CHAPTER 2-3 FSHN 322
22. What’s the difference between fertility and fecundity? What are the chances of conception for healthy couples during each menstrual cycle?
o Fertility: actual production of a child
o Fecundity: biological ability to bear child
o 15% of couples are infertile
44% of infertile will eventually conceive naturally
o 55.8 births out of 1,000 birth rate in women 15-44
o 30-50% of conceptions are lost by resorption into the uterine wall within the first 6 weeks
o 20-35% chance of conception within a given menstrual cycle
23. Define miscarriage and the possible causes of miscarriages.
o Miscarriage: loss of baby in the first 20 weeks of pregnancy
o Causes: : maternal infection, structural abnormalities of uterus, endocrine or immunological disturbances, low progesterone, and unknown random events
24. How does this relate to subfertility?
o Subfertile: women who have experienced many miscarriages (2-3), men who have sperm abnormalities (low sperm count/density, malformed sperm, immobile sperm), women who ovulate infrequently
o 18% of couples
25. When does fertility start to decline in males and females?
o After 35 years
26. Describe the action of the hormones that regulate fertility processes.
o Menstrual cycle hormones:
Gonadotropin Releasing Hormone (GnRH)
• Stimulates pituitary to release FSH and LH
Follicle-Stimulation Hormone (FSH)
• Stimulates maturation of ovum and sperm
• Estrogen production
Luteinizing Hormone (LH)
• Stimulates secretion of progesterone and testosterone
Estrogen (E)
• Stimulates release of Gn(RH) in follicular phase
• Stimulates follicle growth
• Stimulates maturation of follicle
• Stimulates vascularity & storage of glycogen & other nutrients in uterus
Progesterone (P)
• Prepares uterus for fertilized ovum
• Increases vascularity of endometrium
• Stimulates cell division of fertilized ova
27. What happens during the follicular and luteal phases of the menstrual cycle?
o Follicular phase (first half)
Follicle and maturation
Main hormones: GnRH, FSH, E, P
o Luteal phase (last half)
After ovulation
Formation of corpus luteum
• Cells that form in ovary, temporary organ during menstrual cycle
Decrease in estrogen and progesterone to stimulate menstrual flow
Prostaglandins and cramps
28. Discuss the basics of PID and Endometriosis.
o Pelvic Inflammatory Disease (PID)
Infection of cervix, uterus, fallopian tubes, ovaries
Side effect of gonorrhea or chlamydia
o Endometriosis
Painful, abnormal menstrual cycles
Causes infertility in 30-40% of women
Endometrial tissued embedded in uterine wall, ovaries, etc
29. What are the key nutrition-related disruptions of infertility?
o Undernutrition
o Weight Loss
o Obesity
o High Exercise Levels
o Intake of specific foods and food components
30. What are the differences between oligomenorrhea, amenorrhea, and polymennorhea?
o Amenorrhea: absence of menstrual cycle
o Oligomenorrhea: irregular or infrequent menstrual
o Polymenorrhea: frequent (more often than every other 21 days) menstrual
31. How does body fat influence estrogen and leptin levels?
o Higher levels with high body fat
o Both extremes lower fertility
32. At what BMI does infertility occur?
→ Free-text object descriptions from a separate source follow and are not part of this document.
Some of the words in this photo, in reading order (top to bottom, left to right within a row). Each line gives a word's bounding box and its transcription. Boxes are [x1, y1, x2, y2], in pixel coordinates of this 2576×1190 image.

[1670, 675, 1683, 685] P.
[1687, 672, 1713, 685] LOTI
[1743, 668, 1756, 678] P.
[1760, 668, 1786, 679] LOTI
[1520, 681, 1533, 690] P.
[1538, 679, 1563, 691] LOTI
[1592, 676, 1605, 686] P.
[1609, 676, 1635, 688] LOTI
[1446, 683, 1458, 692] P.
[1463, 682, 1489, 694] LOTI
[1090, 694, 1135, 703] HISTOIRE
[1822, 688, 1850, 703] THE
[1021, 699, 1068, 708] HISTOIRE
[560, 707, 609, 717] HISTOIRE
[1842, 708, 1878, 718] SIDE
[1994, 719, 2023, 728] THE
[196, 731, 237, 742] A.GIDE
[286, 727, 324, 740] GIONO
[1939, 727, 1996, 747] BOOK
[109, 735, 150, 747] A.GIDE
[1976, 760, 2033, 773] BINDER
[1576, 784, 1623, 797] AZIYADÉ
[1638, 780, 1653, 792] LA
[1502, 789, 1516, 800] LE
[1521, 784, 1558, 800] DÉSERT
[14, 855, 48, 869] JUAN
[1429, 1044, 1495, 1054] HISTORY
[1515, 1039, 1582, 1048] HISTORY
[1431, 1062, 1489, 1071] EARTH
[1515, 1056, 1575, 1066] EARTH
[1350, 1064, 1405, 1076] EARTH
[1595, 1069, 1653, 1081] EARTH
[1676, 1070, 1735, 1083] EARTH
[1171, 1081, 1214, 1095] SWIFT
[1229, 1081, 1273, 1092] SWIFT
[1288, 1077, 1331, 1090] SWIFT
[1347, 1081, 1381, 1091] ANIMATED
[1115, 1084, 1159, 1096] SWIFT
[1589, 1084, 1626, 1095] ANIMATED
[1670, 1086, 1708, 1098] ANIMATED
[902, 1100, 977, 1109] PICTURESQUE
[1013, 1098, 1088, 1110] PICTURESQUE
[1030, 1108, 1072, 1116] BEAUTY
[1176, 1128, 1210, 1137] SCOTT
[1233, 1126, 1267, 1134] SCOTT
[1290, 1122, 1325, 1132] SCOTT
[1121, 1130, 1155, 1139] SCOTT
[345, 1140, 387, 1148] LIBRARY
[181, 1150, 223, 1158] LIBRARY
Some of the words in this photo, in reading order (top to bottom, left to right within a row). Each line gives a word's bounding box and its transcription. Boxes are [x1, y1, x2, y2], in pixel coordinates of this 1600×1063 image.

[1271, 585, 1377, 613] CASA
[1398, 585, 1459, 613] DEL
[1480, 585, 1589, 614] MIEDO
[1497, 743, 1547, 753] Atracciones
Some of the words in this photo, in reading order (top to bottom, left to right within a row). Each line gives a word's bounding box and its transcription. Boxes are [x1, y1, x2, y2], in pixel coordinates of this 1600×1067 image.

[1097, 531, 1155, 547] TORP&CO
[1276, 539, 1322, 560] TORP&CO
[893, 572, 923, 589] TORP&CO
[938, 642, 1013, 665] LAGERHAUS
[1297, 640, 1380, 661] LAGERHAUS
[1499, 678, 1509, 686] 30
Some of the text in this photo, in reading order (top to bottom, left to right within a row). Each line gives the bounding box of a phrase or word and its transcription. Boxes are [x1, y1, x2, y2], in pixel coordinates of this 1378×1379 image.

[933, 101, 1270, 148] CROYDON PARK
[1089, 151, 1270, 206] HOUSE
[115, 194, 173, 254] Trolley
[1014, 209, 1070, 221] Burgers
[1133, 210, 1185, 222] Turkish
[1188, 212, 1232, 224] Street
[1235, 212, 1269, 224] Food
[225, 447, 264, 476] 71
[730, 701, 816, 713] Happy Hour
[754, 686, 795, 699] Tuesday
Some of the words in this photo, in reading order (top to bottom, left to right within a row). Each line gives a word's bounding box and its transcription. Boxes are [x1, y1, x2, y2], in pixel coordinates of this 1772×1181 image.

At what % UBW?
o <20 BMI
o >30 BMI
33. What is oxidative stress? How does it affect fertility in men and women?
o Oxidative Stress:
Occurs when production of potentially destructive reactive oxygen molecules exceeds body’s own antioxidant defenses
o In men:
Reactive oxygen molecules attack polyunsaturated fatty acids in sperm membrane, decreasing sperm mobility and reduces ability of sperm to fuse with egg
Oxygen cells can damage dna -> defective dna during conception
o In women
Harms egg and follicular development
Interfere with corpus luteum function and implantation of egg in uterine wall
34. What are the four key antioxidants for fertility? Name some food sources.
o Vitamin E
o Vitamin C
o Beta carotene
o Selenium
o All found in vegetables and fruits
35. How does zinc and soy influence male fertility?
o Zinc:
Reduces oxidative stress
Helps sperm maturation
Helps testosterone synthesis
o Soy:
Decrease levels of estradiol, progesterone, LH
Related to reduced sperm count in obese men
90% of men with high soy diets still have regular sperm count
o Take 10 mg Zn supplements with Vitamin C & Vitamin E for healthy strong sperm
36. How does a low fat, low fiber affect fertility?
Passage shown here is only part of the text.